Enhancing Apache Spark for Enhanced Flexibility and Performance
This proposal aims to introduce the physical plan conversion, validation, and fallback mechanisms from the Gluten project into Apache Spark. This will allow Spark to have greater flexibility and robustness when executing physical plans, while also taking advantage of the performance optimizations provided by Gluten.
Motivation
Apache Spark currently lacks an official mechanism to support cross-platform execution of physical plans. The Gluten project offers a mechanism that utilizes the Substrait standard to convert and optimize Spark’s physical plans. By introducing Gluten’s plan conversion, validation, and fallback mechanisms into Spark, we can significantly enhance the portability and interoperability of Spark’s physical plans, enabling them to operate across a broader spectrum of execution environments without requiring users to migrate, while also improving Spark’s execution efficiency through the utilization of Gluten’s advanced optimization techniques.
Design Proposal
- To integrate Gluten’s plan conversion mechanism within Spark, we first defined an interface called TransformSupport, which inherits from SparkPlan. The TransformSupport interface includes two methods: def validate(): Boolean for validating if this operator/expression is supported in native code, and def doTransform(): SubstraitPlan for performing the plan conversion. Next, we defined three interfaces — LeafTransformSupport, UnaryTransformSupport, and BinaryTransformSupport — to adapt to different types of operators. For example, ProjectExecTransformer will inherit from UnaryTransformSupport, HashJoinTransformer will inherit from BinaryTransformSupport, and DatasourceScanTransformer will inherit from LeafTransformSupport. This way, we can extend SparkPlan to support plan conversion.

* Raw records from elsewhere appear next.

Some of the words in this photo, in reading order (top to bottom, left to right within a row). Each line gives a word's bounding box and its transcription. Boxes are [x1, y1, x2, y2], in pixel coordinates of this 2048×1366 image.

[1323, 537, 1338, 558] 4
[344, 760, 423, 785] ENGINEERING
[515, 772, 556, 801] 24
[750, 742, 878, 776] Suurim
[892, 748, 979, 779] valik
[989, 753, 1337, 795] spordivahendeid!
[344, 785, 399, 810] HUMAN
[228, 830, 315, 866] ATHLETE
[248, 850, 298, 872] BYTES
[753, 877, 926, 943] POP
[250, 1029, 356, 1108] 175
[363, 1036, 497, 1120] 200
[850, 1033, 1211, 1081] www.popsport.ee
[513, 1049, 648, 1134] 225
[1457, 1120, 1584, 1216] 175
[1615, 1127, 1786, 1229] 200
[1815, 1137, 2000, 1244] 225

2. During the physical plan validation process, we will pass the converted Substrait plan in Protobuf format to different native backends for validation. This process includes checking supported function signatures and data types. If the validation is successful, it returns true; otherwise, it returns false.

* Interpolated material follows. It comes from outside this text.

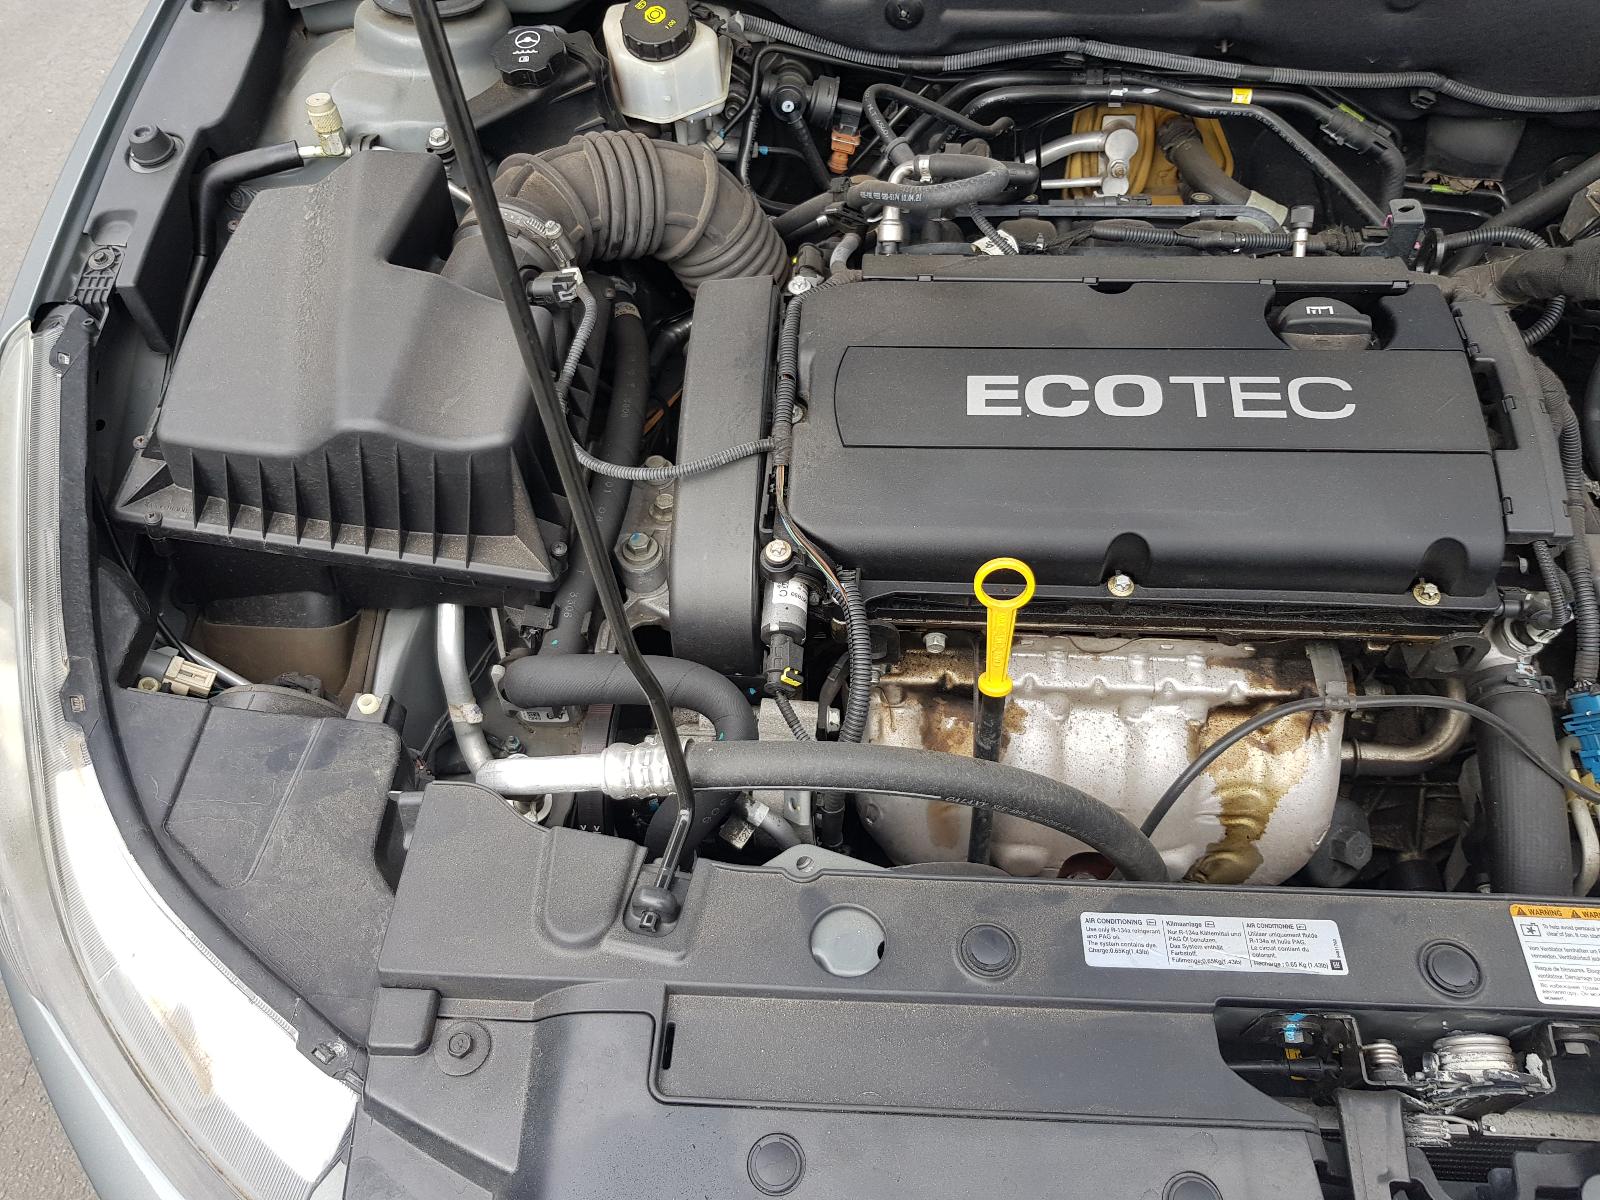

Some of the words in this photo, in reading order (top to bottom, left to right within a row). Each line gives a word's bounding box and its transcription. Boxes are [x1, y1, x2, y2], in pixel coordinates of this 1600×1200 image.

[966, 374, 1356, 420] ECOTEC
[1528, 908, 1562, 917] WARNING
[1582, 911, 1600, 919] WAR

3. If the validation fails, we will continue to use Spark’s own operators to execute the plan, but at this point, support for column-to-row (C2R) and row-to-column (R2C) data transformations is required. Taking the Velox backend as an example, we need to convert Velox’s columnar data format to Spark’s UnsafeRow format in the C2R transformation; conversely, in the R2C transformation, we convert Spark’s UnsafeRow format to Velox’s columnar data format.

To implement the execution of Spark physical plans on a native engine, we need to complete three key steps: plan transformation, validation, and fallback. Given that these steps involve substantial modifications to Spark, we have decided to first focus on the plan transformation phase. By utilizing Substrait, we will convert Spark plans into a common format, thereby achieving compatibility with various backends. After the first step is completed, we will further consider the remaining validation and fallback steps.
Conclusions
We have adeptly incorporated this conversion methodology into Apache Gluten, enabling seamless support for both ClickHouse and Velox backends. Our integration efforts with either backend have culminated in a substantial performance breakthrough. For an in-depth look at the enhancements, please refer to the information provided at this link. Moreover, it is with great pride that we acknowledge the successful deployment of Gluten by numerous customers within their production settings.